Actuellement, on rêve d’un plat d’haricots verts ou de brocolis bouillis, c’est dire. On est un peu lassé du sempiternel poulet-riz d’autant que la nourriture est souvent assez grasse (souvent en friture) et les sauces et épices utilisées peu à notre goût. On décide d’un commun accord de laisser tomber ce style de restaurant et de rester sur les restaurants de quartier (si ce n’est pas à notre goût, au moins ce n’est pas cher).

Pour une fois, on se décide à réserver à l’avance notre nuit suivante (une promo sur internet et la galère de chercher un hôtel avec les enfants fatigués qui s’impatientent en voiture a eu raison de nous). On dormira donc à Jitra demain dans un hôtel avec une piscine pour les enfants. Le seul problème c’est qu’en préparant notre passage en Thaïlande, on se rend compte qu’en arrivant par la route, on n’est autorisé à ne passer que 15 jours dans le pays sans visa (30 jours en arrivant par les airs). Cela complique nos plans d’autant que la prolongation serait ensuite que de 7 jours. Il faudrait donc que l’on aille faire un visa en bonne et due forme (pas prévu au budget) et surtout pas compatible avec l’hôtel que l’on vient de réserver. En cherchant un peu plus, on finit par découvrir que la législation a changé au 1er novembre 2013 et que la durée d’un séjour sans visa est possible jusqu’à 30 jours par la route ! A un mois près, on est sauvé !

Le lendemain matin, on descend prendre le petit déjeuner à côté de l’hôtel dans un de ces endroits typiques : des tables et des chaises en plastique et autour des mini guérites où on peut aller commander son plat de nouilles ou de riz, chinois ou indien selon le stand. On se contente de quelques beignets (très bon), d’une omelette et d’un thé.
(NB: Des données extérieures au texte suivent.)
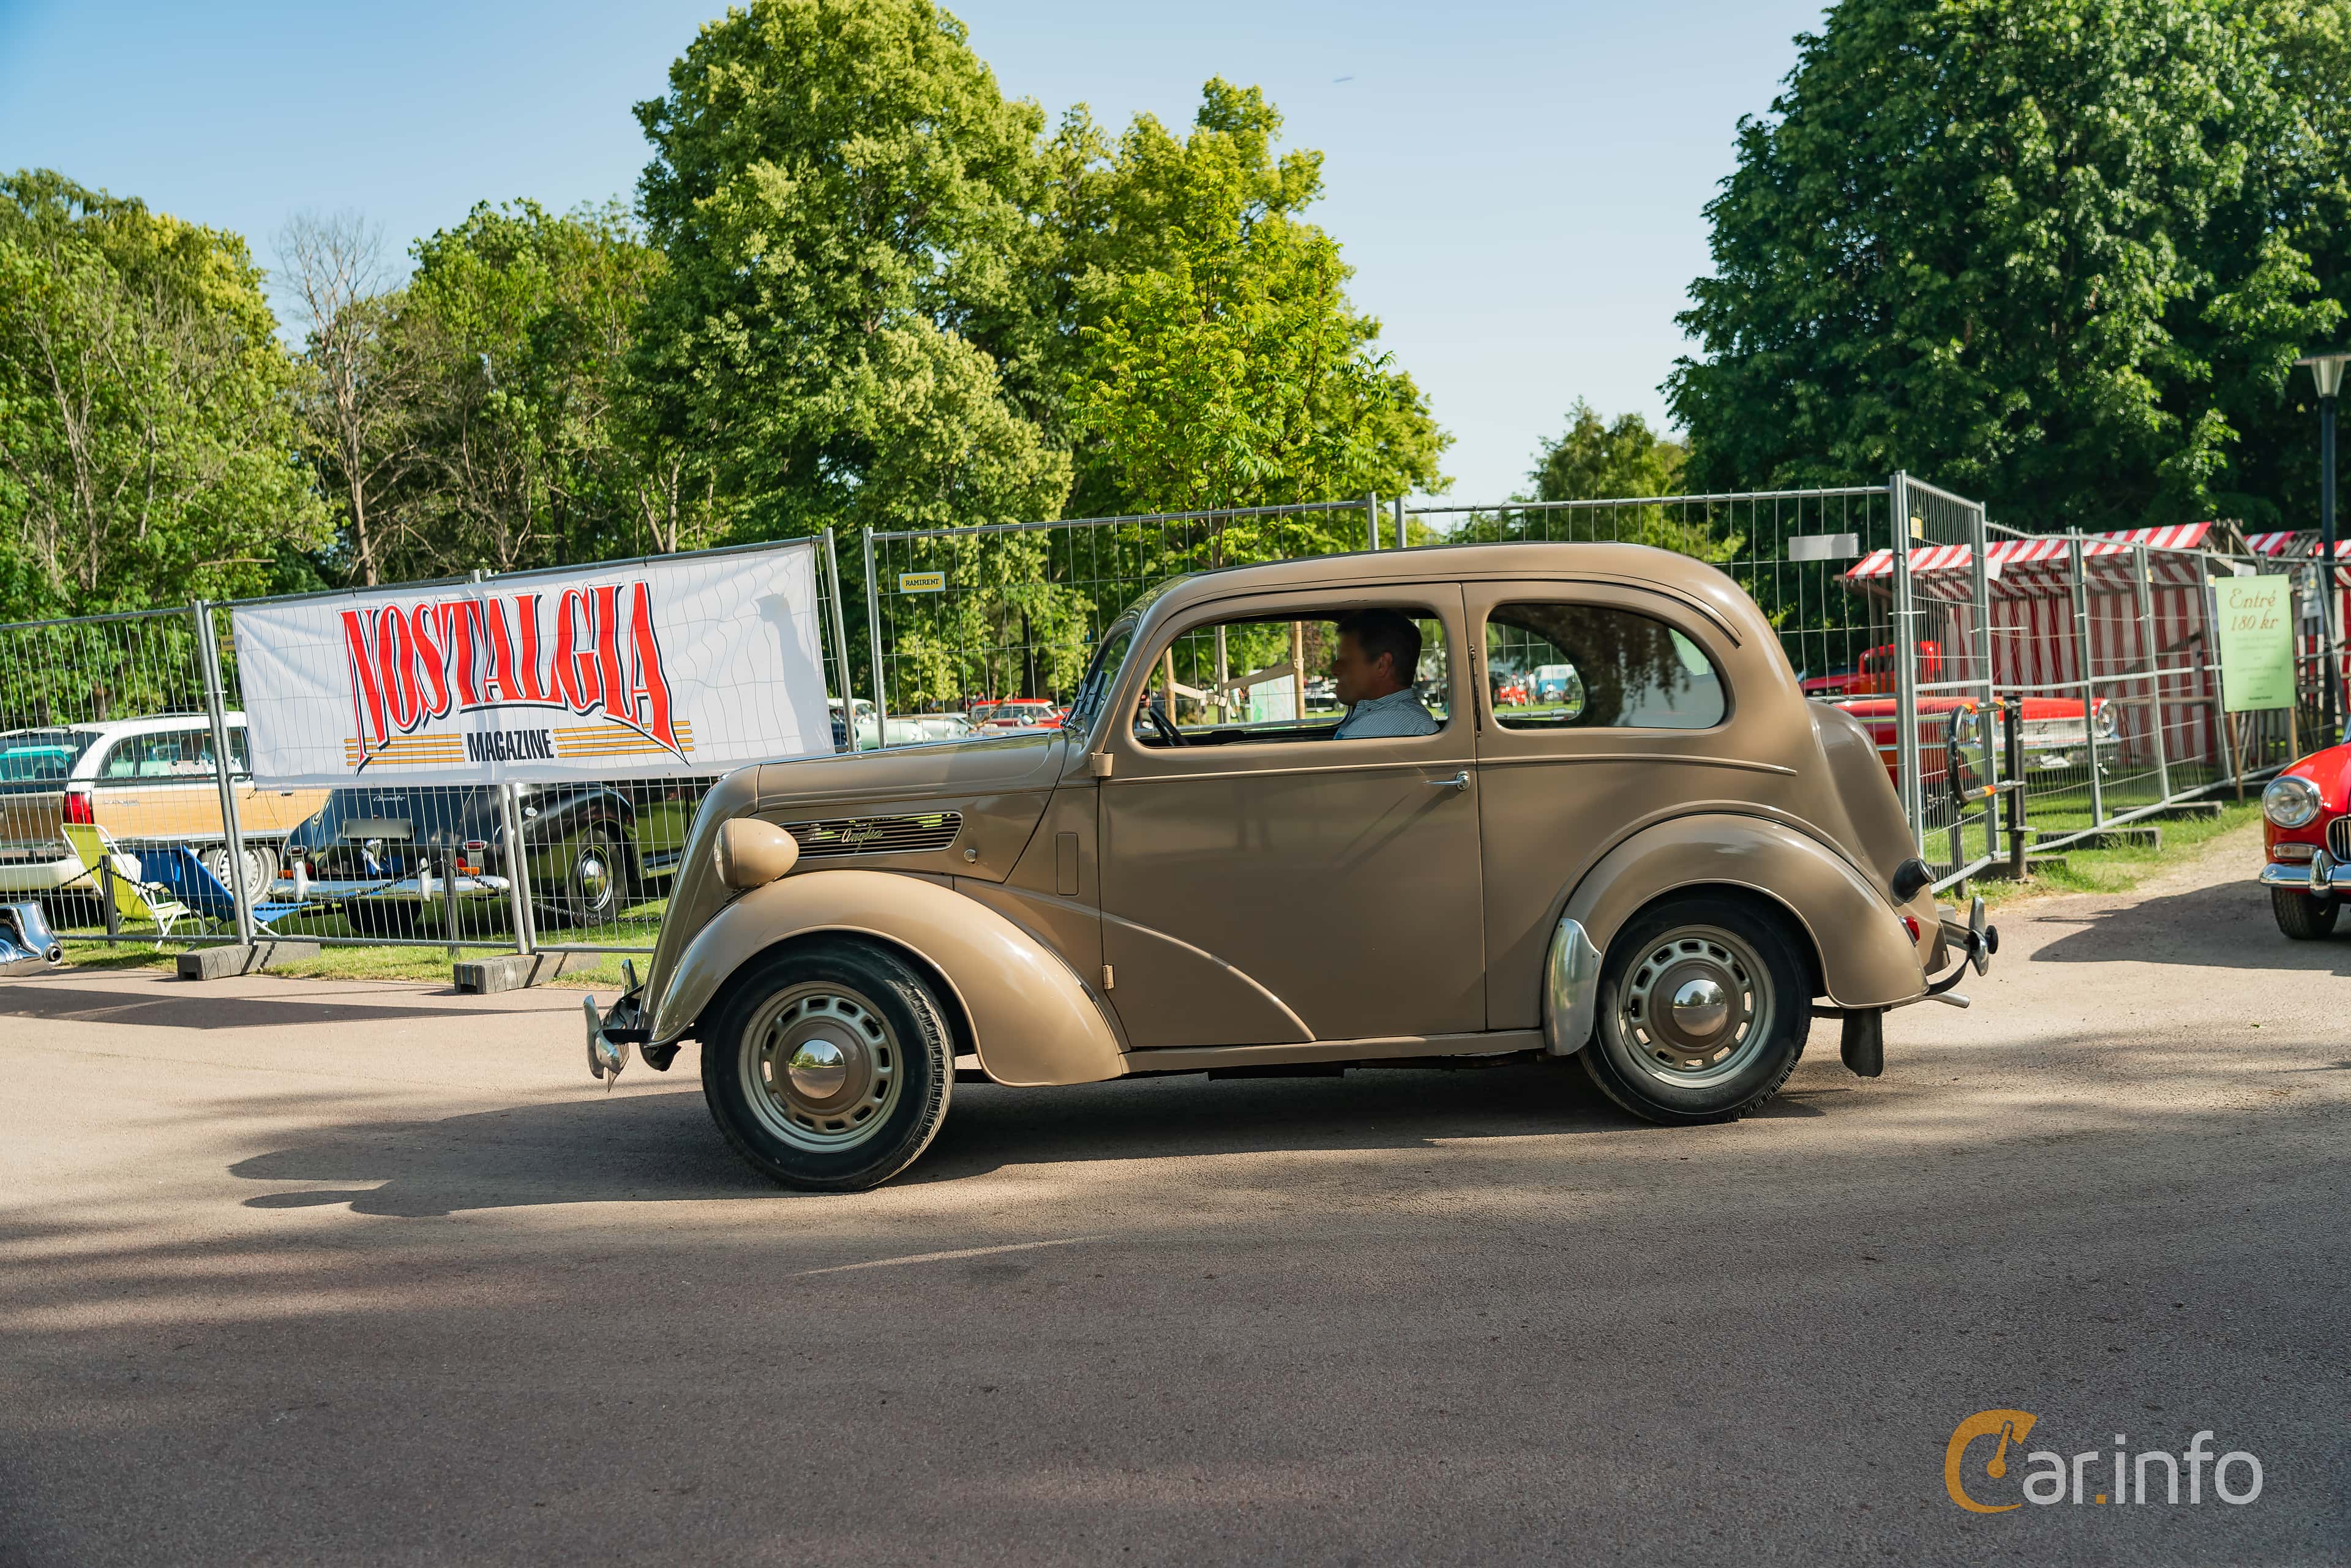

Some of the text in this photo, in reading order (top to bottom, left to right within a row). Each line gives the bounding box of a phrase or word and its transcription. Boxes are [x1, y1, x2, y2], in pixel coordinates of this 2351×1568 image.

Nos voisins de table sont autrement plus sérieux en s’enfilant de belles assiettes de riz ou nouilles…

Une petite photo souvenir avec nos voisines de table (qui nous ont aidé à traduire quand on cherchait à commander une omelette) et nous quittons Ipoh non sans avoir fait une petite halte devant la gare (très belle) qui a servi de décor au film « Indochine » de Regis Warnier.